Output only the entries, exactly as given, without the pictures.

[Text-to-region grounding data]
___

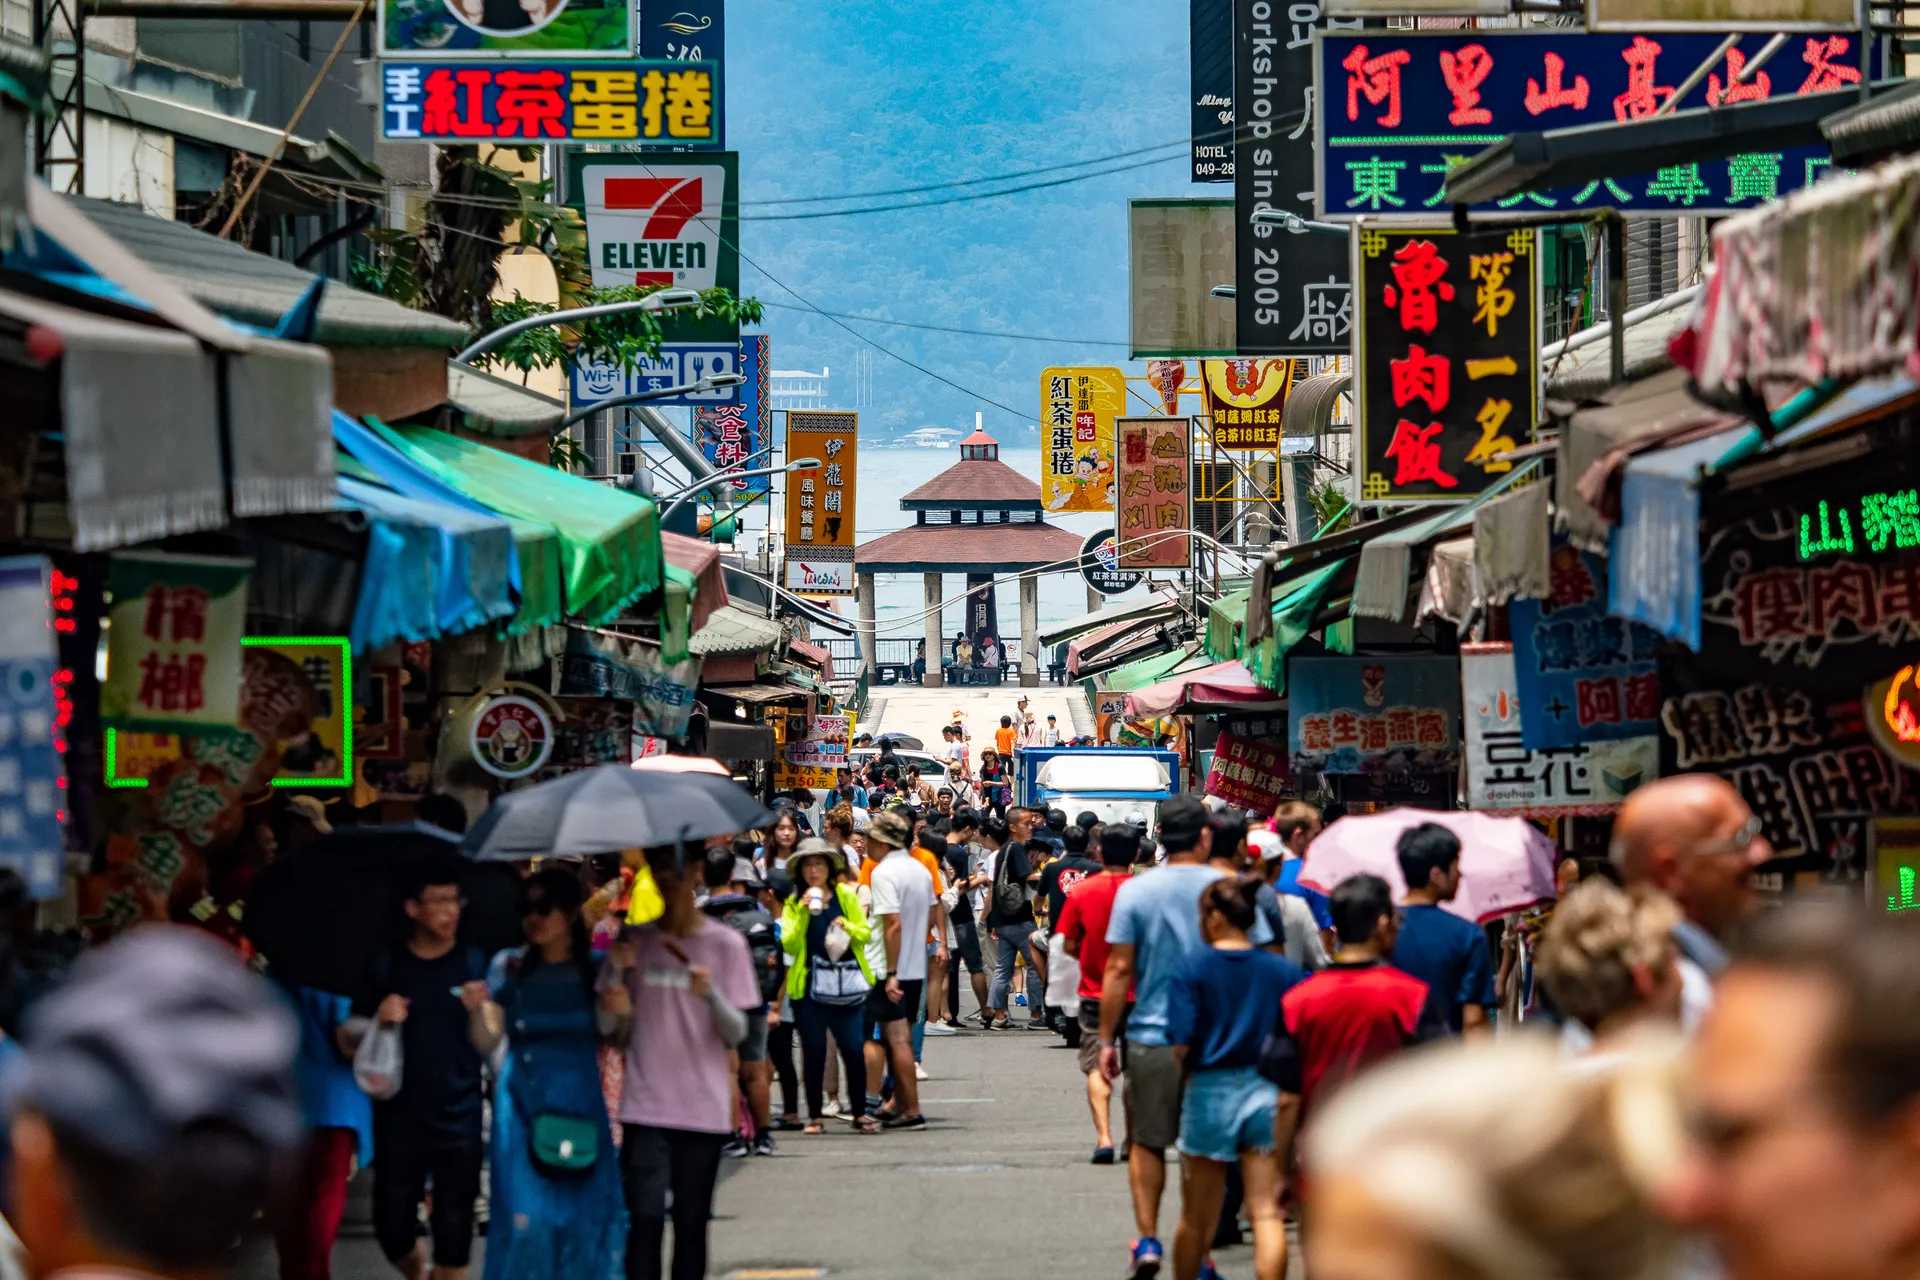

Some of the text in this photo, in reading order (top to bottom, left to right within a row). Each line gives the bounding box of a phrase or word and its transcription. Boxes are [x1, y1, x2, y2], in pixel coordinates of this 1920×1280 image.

[1342, 34, 1862, 127] 阿里山高山茶
[386, 67, 421, 138] 手工
[422, 68, 713, 138] 紅茶蛋捲
[1196, 94, 1232, 108] Ming
[1218, 110, 1234, 124] Y
[1195, 162, 1234, 175] 049-28
[1196, 145, 1227, 158] HOTEL
[1254, 249, 1280, 325] 2005
[582, 369, 621, 382] Wi-Fi
[638, 356, 674, 371] ATM
[1383, 239, 1458, 488] 魯肉飯
[1463, 252, 1518, 474] 第一名
[1077, 376, 1089, 411] 伊達邵
[1050, 376, 1074, 475] 紅茶蛋捲
[1213, 409, 1280, 425] 阿薩姆紅茶
[1214, 427, 1278, 443] 台茶18紅玉
[1151, 431, 1187, 530] 山豬肉
[800, 477, 815, 541] 風味餐廳
[1123, 469, 1157, 562] 大刈包
[1092, 571, 1137, 582] 紅茶霜淇淋
[1303, 710, 1446, 751] 養生海燕窩
[1211, 756, 1285, 794] 阿薩姆紅茶
[1481, 732, 1591, 797] 豆花
[1487, 788, 1535, 800] douhua
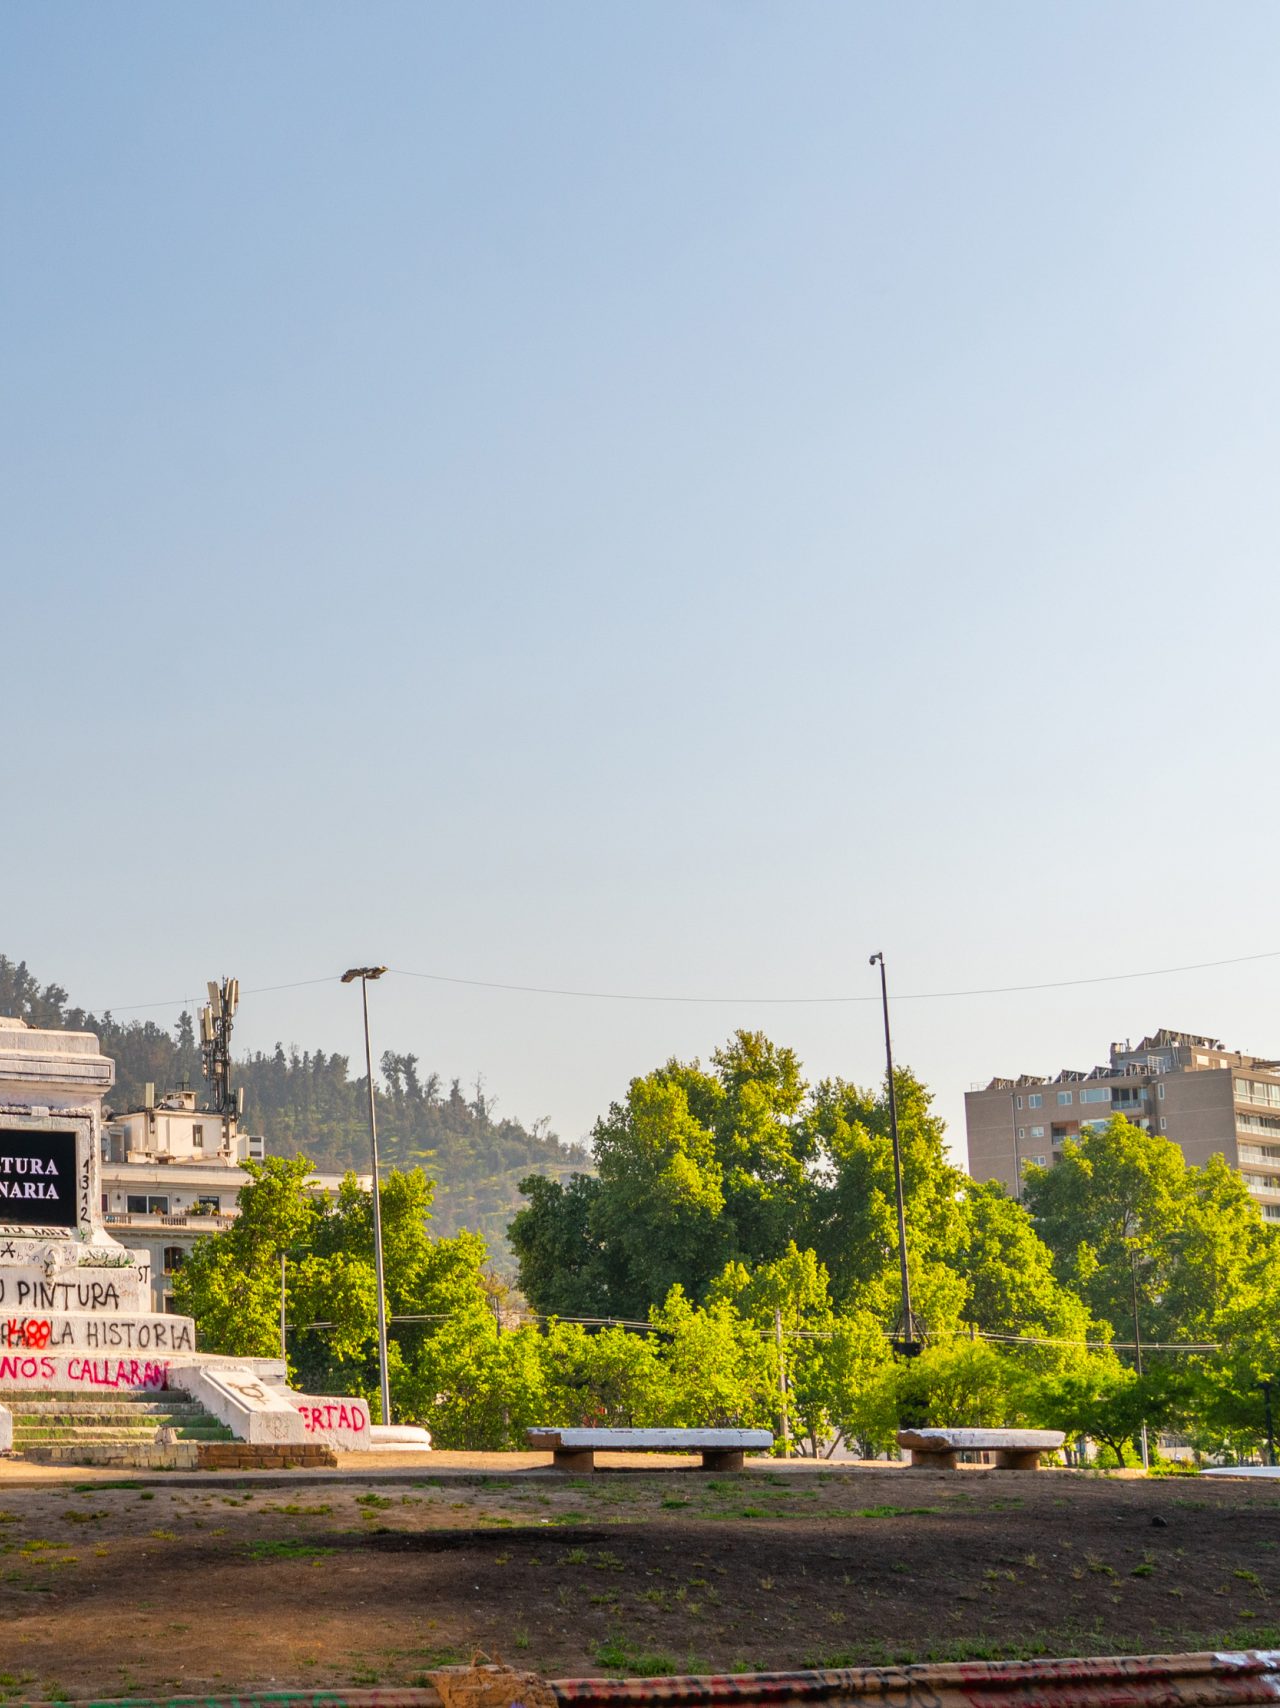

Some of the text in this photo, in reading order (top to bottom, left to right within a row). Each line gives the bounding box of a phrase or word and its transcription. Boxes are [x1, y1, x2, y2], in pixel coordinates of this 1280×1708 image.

___

> _Expected output_
Some of the text in this photo, in reading order (top to bottom, left to right within a row). Each line gives the bounding box of a phrase or word and its transcription. Boxes are [x1, y1, x2, y2], in pixel coordinates of this 1920×1280 image.

[1342, 34, 1862, 127] 阿里山高山茶
[386, 67, 421, 138] 手工
[422, 68, 713, 138] 紅茶蛋捲
[1196, 94, 1232, 108] Ming
[1218, 110, 1234, 124] Y
[1195, 162, 1234, 175] 049-28
[1196, 145, 1227, 158] HOTEL
[1254, 249, 1280, 325] 2005
[582, 369, 621, 382] Wi-Fi
[638, 356, 674, 371] ATM
[1383, 239, 1458, 488] 魯肉飯
[1463, 252, 1518, 474] 第一名
[1077, 376, 1089, 411] 伊達邵
[1050, 376, 1074, 475] 紅茶蛋捲
[1213, 409, 1280, 425] 阿薩姆紅茶
[1214, 427, 1278, 443] 台茶18紅玉
[1151, 431, 1187, 530] 山豬肉
[800, 477, 815, 541] 風味餐廳
[1123, 469, 1157, 562] 大刈包
[1092, 571, 1137, 582] 紅茶霜淇淋
[1303, 710, 1446, 751] 養生海燕窩
[1211, 756, 1285, 794] 阿薩姆紅茶
[1481, 732, 1591, 797] 豆花
[1487, 788, 1535, 800] douhua

Some of the text in this photo, in reading order (top to bottom, left to right within a row). Each line gives the bounding box of a phrase or word and its transcription. Boxes are [x1, y1, x2, y2], in pixel coordinates of this 1280×1708 image.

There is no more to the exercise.